Le parole del tecnico dei giallorossi dopo la sconfitta
Il tecnico del Lecce, Eusebio Di Francesco, ha risposto alle domande dei giornalisti dopo la sconfitta subita contro il Milan. Ecco le sue parole riportate da MilanNews.com.
Il bilancio delle prime partite
Dal punto di vista della classifica, è buona. Dal punto di vista di quello che vedo dobbiamo lavorare tantissimo. Vedo ancora troppe distrazioni, momenti di black out, e specialmente contro il Milan non te le puoi permettere.
Su cosa non ha funzionato
La strategia era quella giusta. L'ho vista bene la partita con il Benfica. Hanno fatto una partita di attesa, il Milan è stato un po' sporco. Dal punto di vista tattico era simile a quella di oggi. Analizziamo le qualità dei loro giocatori, cosa spendono loro e cosa spende il Lecce. Dal punto di vista delle nostre scelte potevamo fare meglio, e quello che mi è mancato è vedere un po' più di attacchi alla profondità, cosa che il Milan ha fatto oggi molto bene. Conferma il fatto che il calcio è fatto di verticalità. Questo giro non mi sento di essere autocritico.

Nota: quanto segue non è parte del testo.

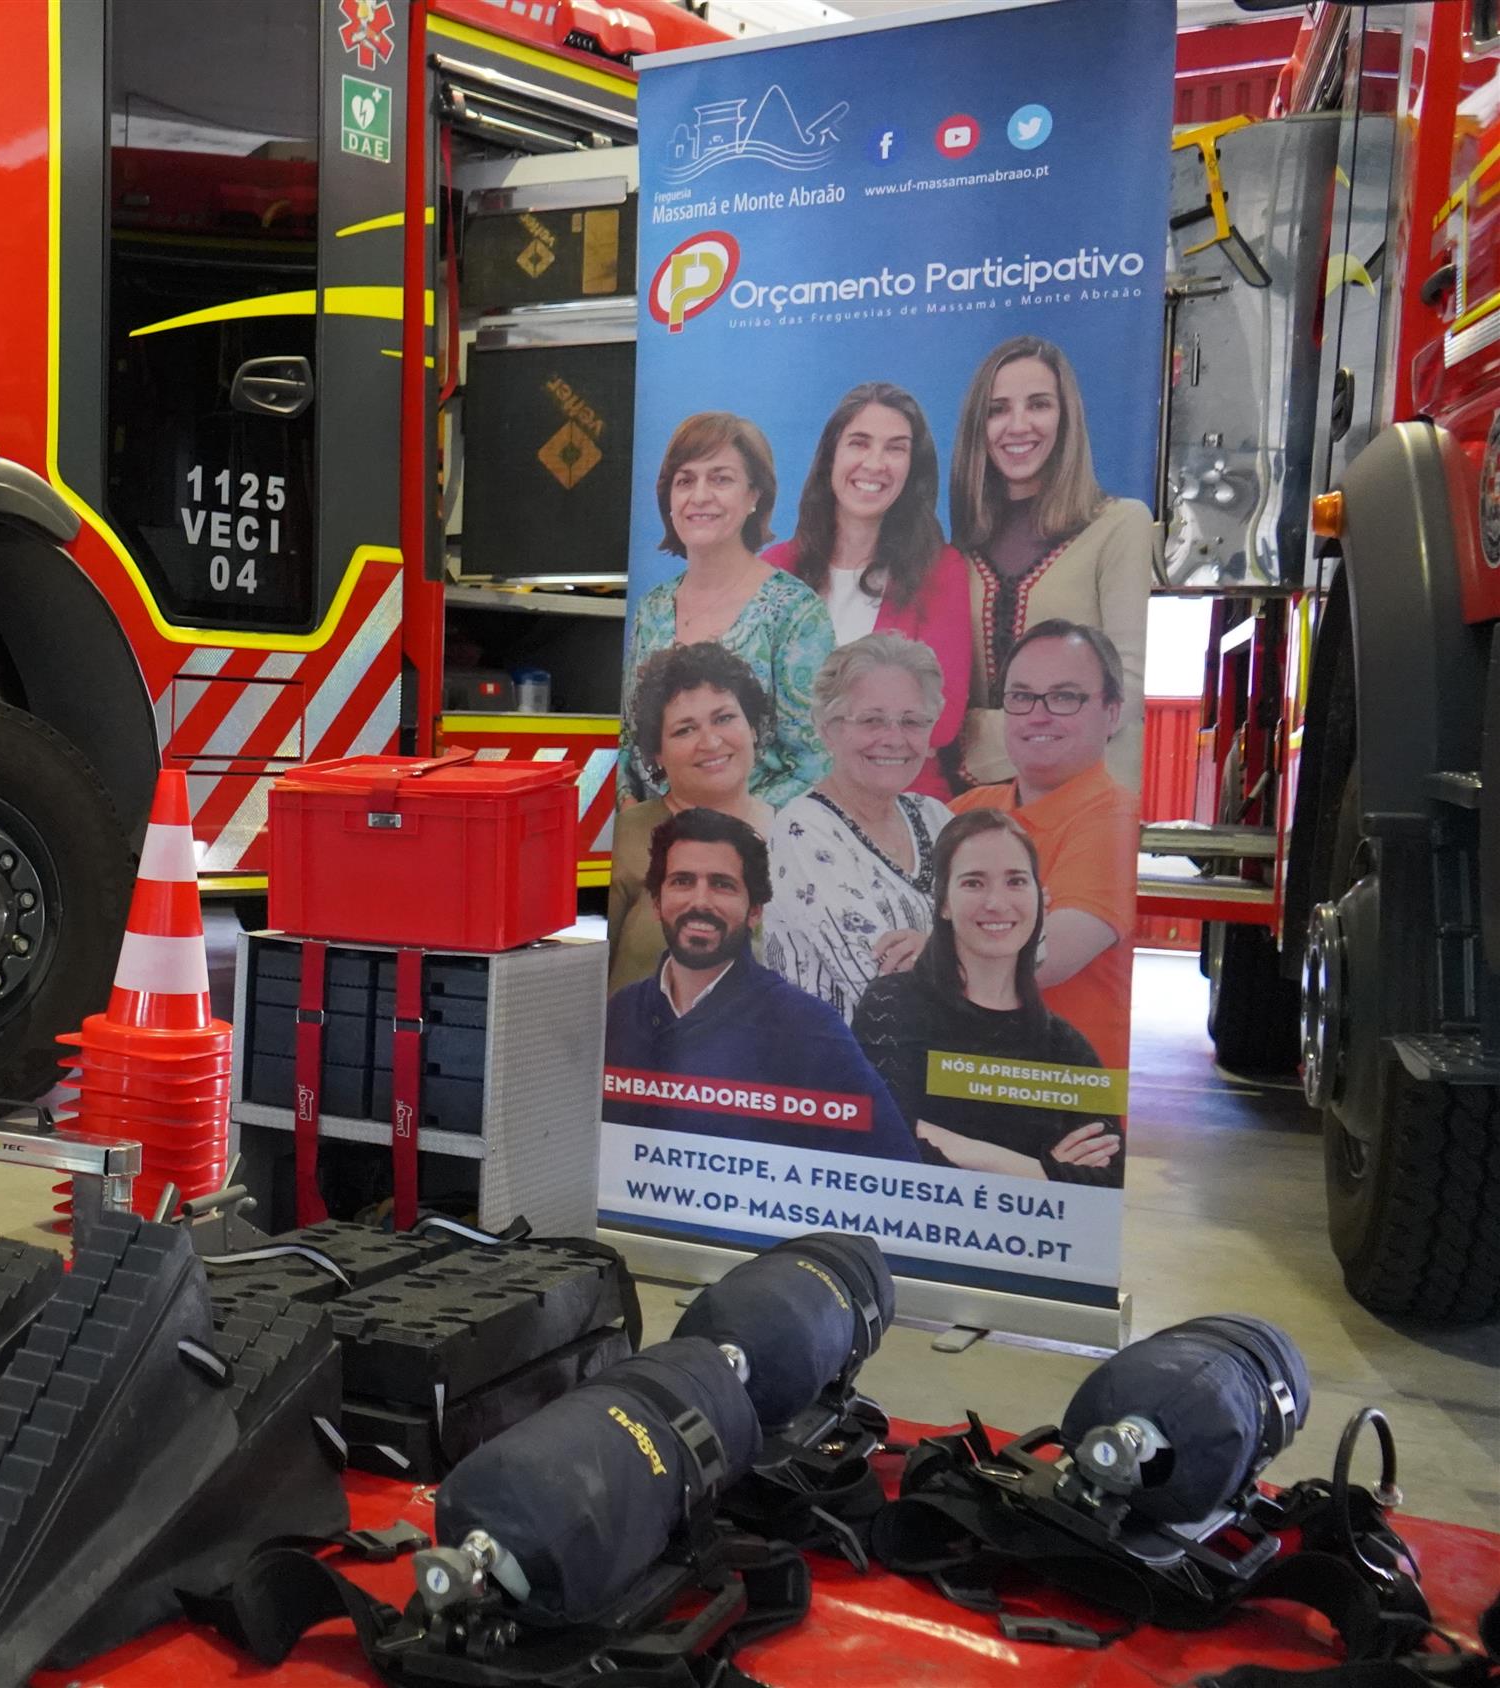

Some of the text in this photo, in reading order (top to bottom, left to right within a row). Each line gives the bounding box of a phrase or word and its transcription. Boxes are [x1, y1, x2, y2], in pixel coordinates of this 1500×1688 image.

[348, 132, 384, 157] DAE
[654, 187, 692, 203] Freguesia
[864, 165, 1050, 197] www.uf-massamamabraao.pt
[652, 183, 846, 225] Massamá e Monte Abraão
[729, 247, 1145, 314] Orçamento Participativo
[729, 287, 1142, 329] União das Freguesias de Massamá e Monte Abraão
[187, 464, 286, 512] 1125
[181, 507, 280, 554] VECI
[209, 555, 258, 595] 04
[940, 1057, 1111, 1088] NÓS APRESENTÁMOS
[968, 1081, 1079, 1106] UM PROJETO!
[603, 1074, 858, 1121] EMBAIXADORES DO OP
[633, 1143, 1065, 1220] PARTICIPE, A FREGUESIA É SUA!
[626, 1179, 1073, 1263] WWW.OP-MASSAMAMABRAAO.PT
[607, 1405, 668, 1476] Dräger

Il significato della sostituzione di Stulic
E' stata una scelta. Volevo più attacco degli spazi. La sensazione che avevo è che davamo poca noia al Milan. Ed è qui che dobbiamo crescere, perché se non riusciamo a fare male a una squadra forte, il gol loro te lo fanno. Ho scelto di togliere l'attaccante per avere un giovane che attacca di più la profondità, ma nella ripresa abbiamo dato un po' più di fastidio agli avversari.
Su Tiago Gabriel
Ne sapete più di me. Ha avuto questo problema qui, con il ragazzo che non era al 100% per affrontare la partita.

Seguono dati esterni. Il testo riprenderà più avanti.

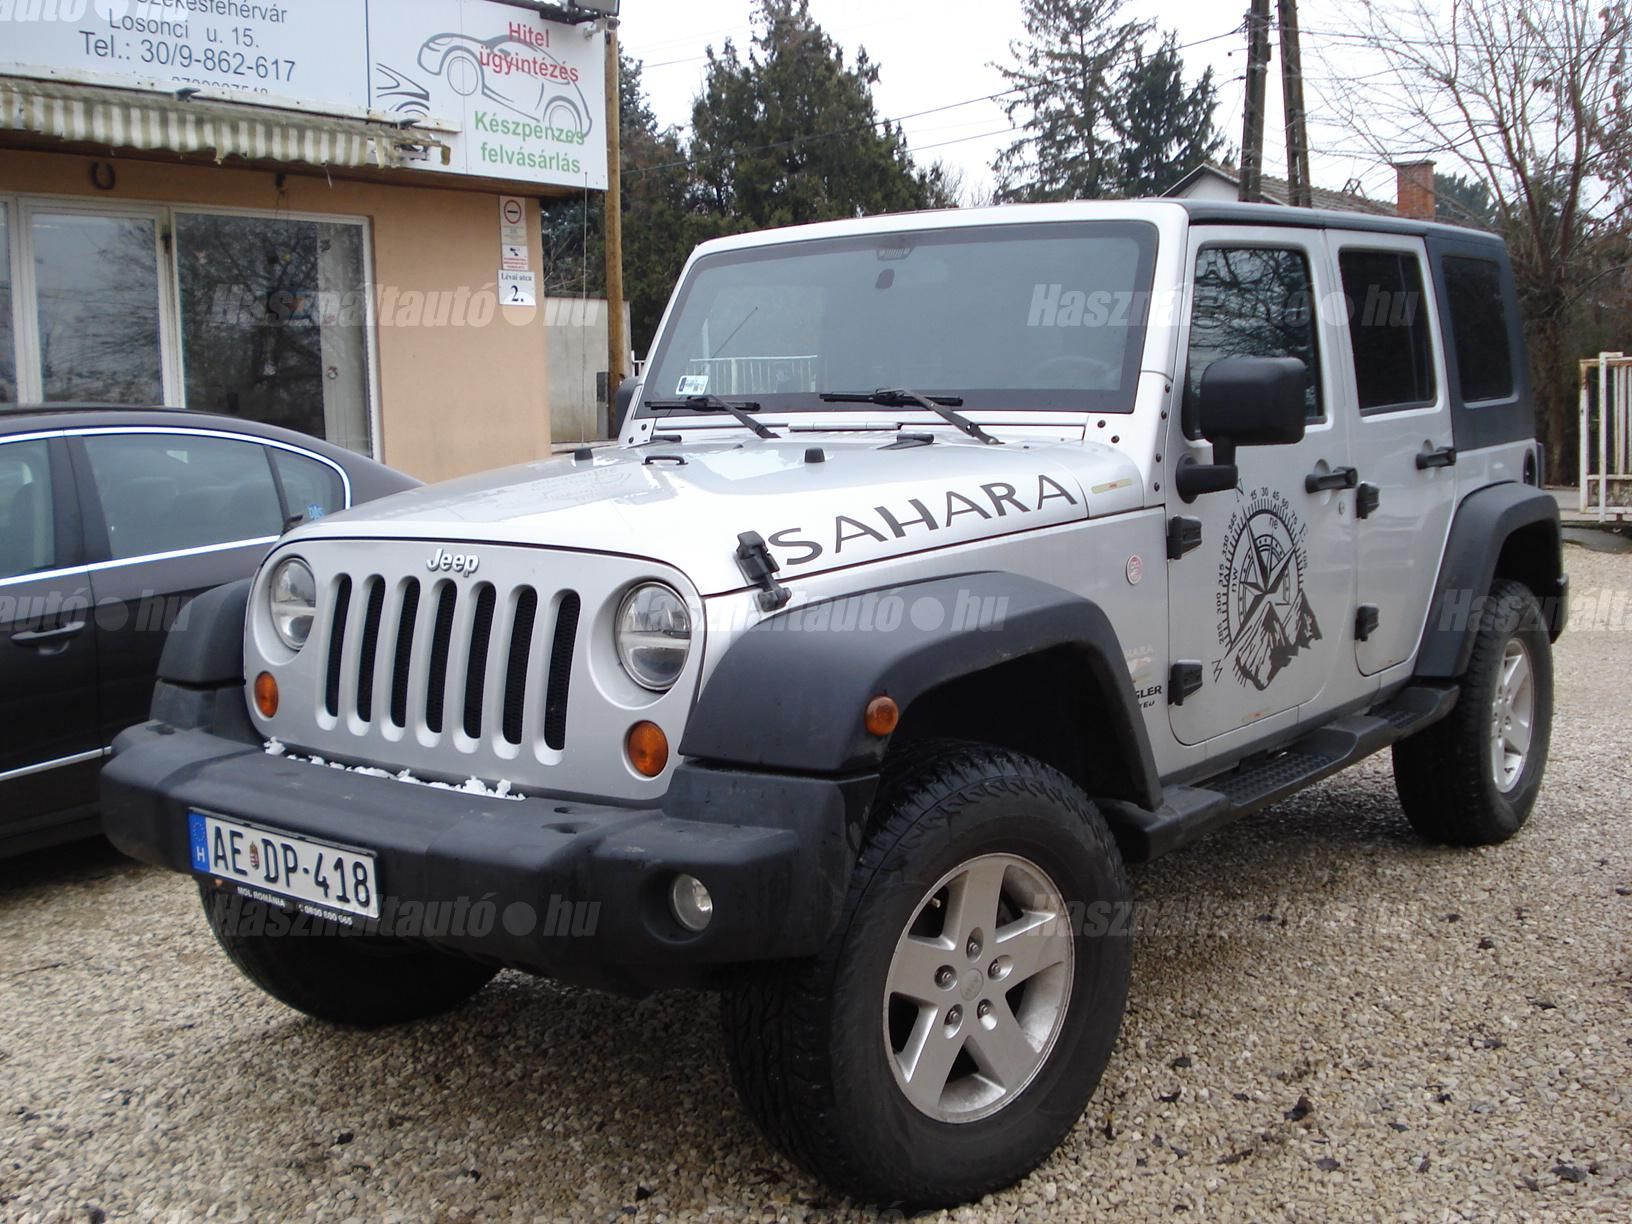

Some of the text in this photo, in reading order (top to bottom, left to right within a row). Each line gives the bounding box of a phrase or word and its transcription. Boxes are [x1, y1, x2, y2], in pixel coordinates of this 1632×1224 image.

[109, 8, 260, 49] Losonci u. 15.
[508, 21, 550, 48] Hitel
[79, 30, 296, 82] Tel.: 30/9-862-617
[479, 46, 579, 82] ügyintézés
[480, 142, 581, 174] felvásárlás
[510, 285, 524, 302] 2.
[768, 474, 1078, 566] SAHARA
[426, 548, 480, 578] Jeep
[196, 846, 206, 863] H

Dove lavorerà durante questa sosta?
Le amichevoli le stiamo cercando ma è difficile perché stiamo là sotto. Ho chiesto alla società di poterle fare, almeno uno che possa essere indicativa. mancheranno altri giocatori, ne abbiamo 7-8 fuori, però devo dire che ho diversi giocatori per andare a lavorare e migliore quegli aspetti dove commettiamo troppi errori.